There is typically a lot of confusion when it comes to terminating an unlimited contract, especially among organizations. There are a host of employment myths that are commonly employed to both companies and employees’ detriment. One of these myths is that an employer is tolerant of terminating an unlimited employment contract without cause after providing the required notice.

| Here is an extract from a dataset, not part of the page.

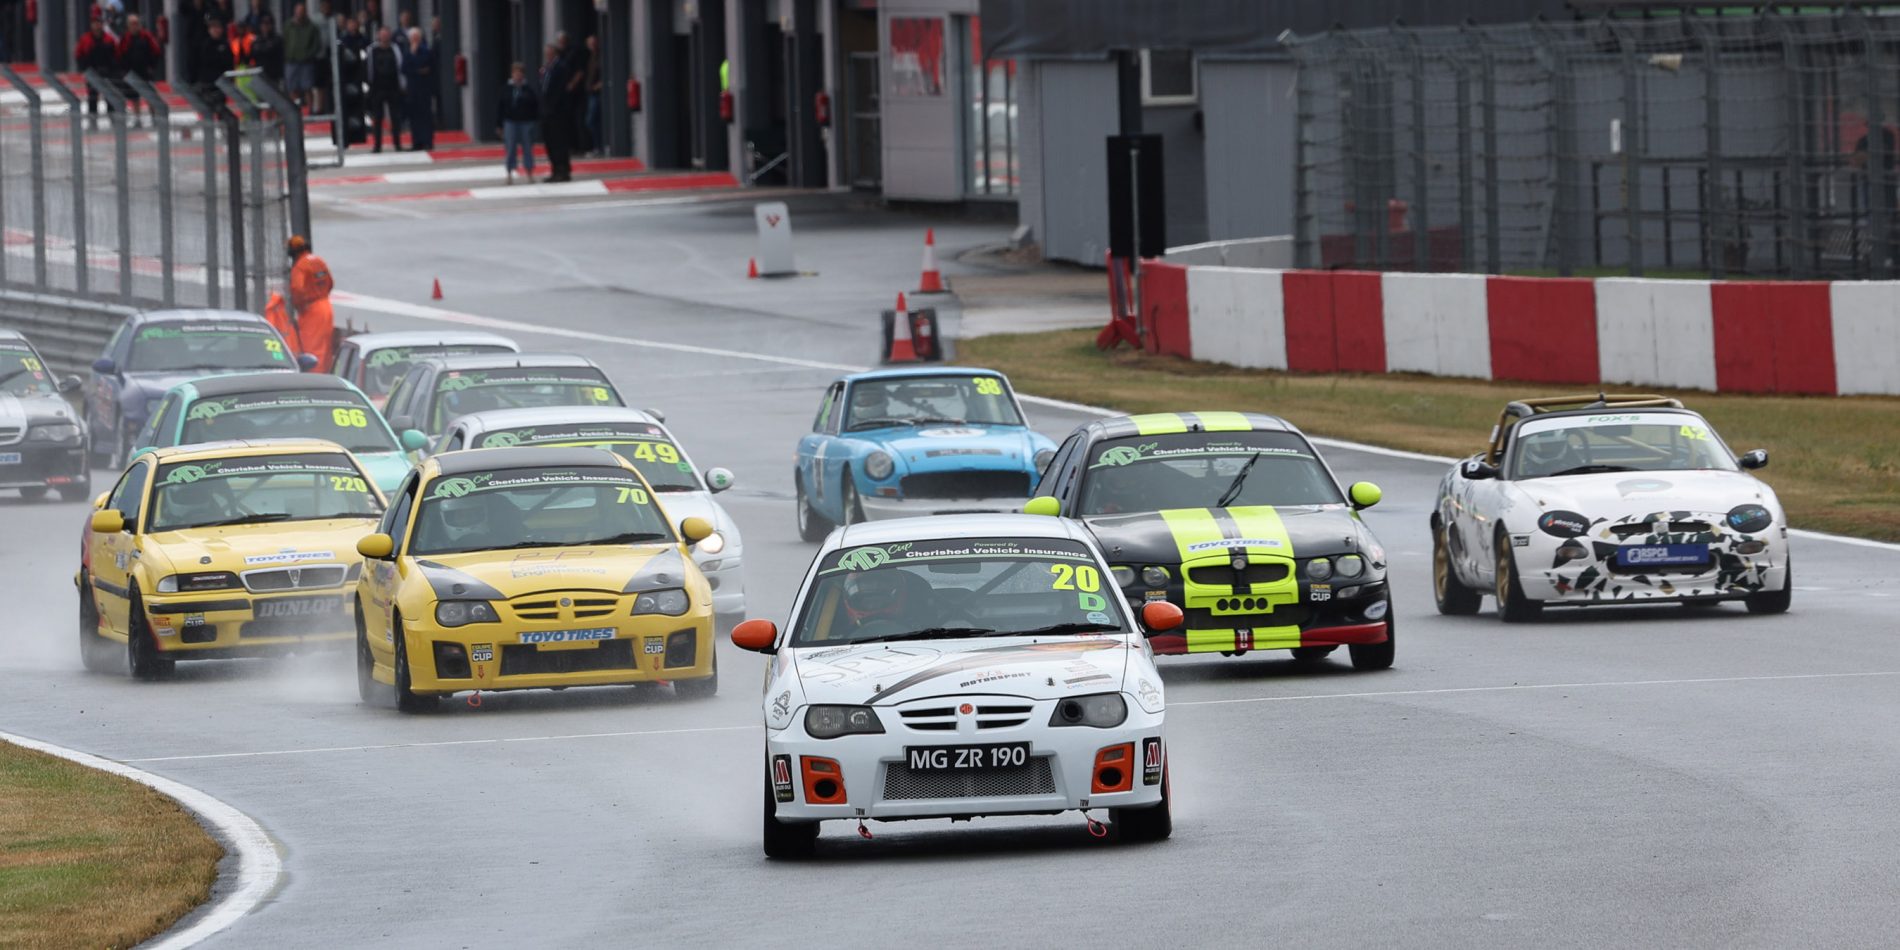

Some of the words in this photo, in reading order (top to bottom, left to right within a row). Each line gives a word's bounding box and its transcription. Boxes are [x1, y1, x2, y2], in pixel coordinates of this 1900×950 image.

This myth is based on a misunderstanding of Article 117 of the Labour Law, which reads as follows:

  1. Both the employer and the employee have the right to terminate an unlimited contract for good reason at any time throughout the contract’s term after it has been assumed by giving the other party written notice fewer than 30 days before the termination.
  2. For a worker who works on a regular basis, the notice period must be:
    • One week’s notice if the worker has been on the job for more than six months but less than a year;
    • two weeks’ notice if the worker has been on the job for at least a year;
    • one month’s notice if the employee has been with the company for at least five years.”

A thorough reading of the aforementioned Article indicates that the power of an employer to terminate an unlimited-term contract is conditional on the presence of a “legitimate reason.” Under Article 113, section 3, the legal grounds for terminating the contract are “provided the provisions of the law regarding notice and justifiable reasons for termination are followed.”

Following that, the inquiry will determine what is considered to be a legitimate cause for canceling an unlimited contract, as well as the criteria for determining whether or not such real reason exists. Who has the power to decide if the reason for cancellation is valid or not?

It is already established that employers may terminate employment contracts (whether limited or unlimited) with immediate effect for reasons indicated in article 120 of the Labour Law. In addition to these circumstances, the Labour Law states that an appropriate cause for terminating a continuous contact should be one that is “work-related.” Article 122 of the Labour Law says: The following are examples of legitimate reasons for terminating an unlimited contract:

“If the reason for the termination is unrelated to his job and, more specifically, if the rationale is that he has made a serious allegation/complaint against his employer that has subsequently proven to be true, his service shall be presumed to have been unlawfully/arbitrarily terminated by his employer.”

The right to terminate an unlimited contract without cause under the Labour Law isn’t a free right, as the preceding shows, and it is contingent on an employer proving a legitimate reason for such a termination.